==== Listed entries ====

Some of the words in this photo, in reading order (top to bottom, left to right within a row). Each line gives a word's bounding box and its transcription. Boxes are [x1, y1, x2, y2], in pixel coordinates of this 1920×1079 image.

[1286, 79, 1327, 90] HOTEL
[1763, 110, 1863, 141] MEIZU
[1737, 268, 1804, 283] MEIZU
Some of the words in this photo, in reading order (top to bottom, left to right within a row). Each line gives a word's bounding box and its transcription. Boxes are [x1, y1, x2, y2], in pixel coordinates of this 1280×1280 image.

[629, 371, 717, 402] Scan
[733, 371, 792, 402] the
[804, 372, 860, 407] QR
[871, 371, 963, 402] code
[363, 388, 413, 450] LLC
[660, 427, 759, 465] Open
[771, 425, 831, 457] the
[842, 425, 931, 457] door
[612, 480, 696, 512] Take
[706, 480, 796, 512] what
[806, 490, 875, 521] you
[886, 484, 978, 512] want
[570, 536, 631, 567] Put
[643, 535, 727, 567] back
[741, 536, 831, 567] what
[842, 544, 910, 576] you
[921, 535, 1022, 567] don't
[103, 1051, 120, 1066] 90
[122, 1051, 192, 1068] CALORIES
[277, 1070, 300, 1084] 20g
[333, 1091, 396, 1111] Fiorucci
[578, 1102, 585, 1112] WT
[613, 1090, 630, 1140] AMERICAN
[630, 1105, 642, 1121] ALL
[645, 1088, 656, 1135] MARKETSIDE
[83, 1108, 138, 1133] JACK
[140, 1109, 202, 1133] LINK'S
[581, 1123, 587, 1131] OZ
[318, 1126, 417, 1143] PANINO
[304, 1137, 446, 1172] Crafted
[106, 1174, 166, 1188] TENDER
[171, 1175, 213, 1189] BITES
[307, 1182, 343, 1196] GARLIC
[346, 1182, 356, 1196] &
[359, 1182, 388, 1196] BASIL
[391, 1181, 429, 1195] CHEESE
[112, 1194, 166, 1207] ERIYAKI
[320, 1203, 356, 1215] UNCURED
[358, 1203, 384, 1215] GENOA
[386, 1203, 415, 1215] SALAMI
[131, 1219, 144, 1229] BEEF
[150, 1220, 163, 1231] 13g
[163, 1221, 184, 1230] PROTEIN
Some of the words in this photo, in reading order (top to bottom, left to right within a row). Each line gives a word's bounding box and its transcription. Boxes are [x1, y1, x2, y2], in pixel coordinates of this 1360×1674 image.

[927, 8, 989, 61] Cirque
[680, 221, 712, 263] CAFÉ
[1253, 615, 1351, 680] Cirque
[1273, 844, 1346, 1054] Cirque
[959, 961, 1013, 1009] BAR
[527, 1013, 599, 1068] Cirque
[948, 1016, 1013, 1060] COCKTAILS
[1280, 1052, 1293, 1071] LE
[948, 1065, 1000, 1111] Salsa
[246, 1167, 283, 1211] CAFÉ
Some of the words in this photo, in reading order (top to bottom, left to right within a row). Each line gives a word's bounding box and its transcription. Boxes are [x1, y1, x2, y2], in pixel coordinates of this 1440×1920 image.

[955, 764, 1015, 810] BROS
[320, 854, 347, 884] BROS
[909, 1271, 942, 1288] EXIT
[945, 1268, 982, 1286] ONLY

====

### What you are asked to do
Print all the lines exactly as they occur in the listing.

### Expected answer
Some of the words in this photo, in reading order (top to bottom, left to right within a row). Each line gives a word's bounding box and its transcription. Boxes are [x1, y1, x2, y2], in pixel coordinates of this 1920×1079 image.

[1286, 79, 1327, 90] HOTEL
[1763, 110, 1863, 141] MEIZU
[1737, 268, 1804, 283] MEIZU
Some of the words in this photo, in reading order (top to bottom, left to right within a row). Each line gives a word's bounding box and its transcription. Boxes are [x1, y1, x2, y2], in pixel coordinates of this 1280×1280 image.

[629, 371, 717, 402] Scan
[733, 371, 792, 402] the
[804, 372, 860, 407] QR
[871, 371, 963, 402] code
[363, 388, 413, 450] LLC
[660, 427, 759, 465] Open
[771, 425, 831, 457] the
[842, 425, 931, 457] door
[612, 480, 696, 512] Take
[706, 480, 796, 512] what
[806, 490, 875, 521] you
[886, 484, 978, 512] want
[570, 536, 631, 567] Put
[643, 535, 727, 567] back
[741, 536, 831, 567] what
[842, 544, 910, 576] you
[921, 535, 1022, 567] don't
[103, 1051, 120, 1066] 90
[122, 1051, 192, 1068] CALORIES
[277, 1070, 300, 1084] 20g
[333, 1091, 396, 1111] Fiorucci
[578, 1102, 585, 1112] WT
[613, 1090, 630, 1140] AMERICAN
[630, 1105, 642, 1121] ALL
[645, 1088, 656, 1135] MARKETSIDE
[83, 1108, 138, 1133] JACK
[140, 1109, 202, 1133] LINK'S
[581, 1123, 587, 1131] OZ
[318, 1126, 417, 1143] PANINO
[304, 1137, 446, 1172] Crafted
[106, 1174, 166, 1188] TENDER
[171, 1175, 213, 1189] BITES
[307, 1182, 343, 1196] GARLIC
[346, 1182, 356, 1196] &
[359, 1182, 388, 1196] BASIL
[391, 1181, 429, 1195] CHEESE
[112, 1194, 166, 1207] ERIYAKI
[320, 1203, 356, 1215] UNCURED
[358, 1203, 384, 1215] GENOA
[386, 1203, 415, 1215] SALAMI
[131, 1219, 144, 1229] BEEF
[150, 1220, 163, 1231] 13g
[163, 1221, 184, 1230] PROTEIN
Some of the words in this photo, in reading order (top to bottom, left to right within a row). Each line gives a word's bounding box and its transcription. Boxes are [x1, y1, x2, y2], in pixel coordinates of this 1360×1674 image.

[927, 8, 989, 61] Cirque
[680, 221, 712, 263] CAFÉ
[1253, 615, 1351, 680] Cirque
[1273, 844, 1346, 1054] Cirque
[959, 961, 1013, 1009] BAR
[527, 1013, 599, 1068] Cirque
[948, 1016, 1013, 1060] COCKTAILS
[1280, 1052, 1293, 1071] LE
[948, 1065, 1000, 1111] Salsa
[246, 1167, 283, 1211] CAFÉ
Some of the words in this photo, in reading order (top to bottom, left to right within a row). Each line gives a word's bounding box and its transcription. Boxes are [x1, y1, x2, y2], in pixel coordinates of this 1440×1920 image.

[955, 764, 1015, 810] BROS
[320, 854, 347, 884] BROS
[909, 1271, 942, 1288] EXIT
[945, 1268, 982, 1286] ONLY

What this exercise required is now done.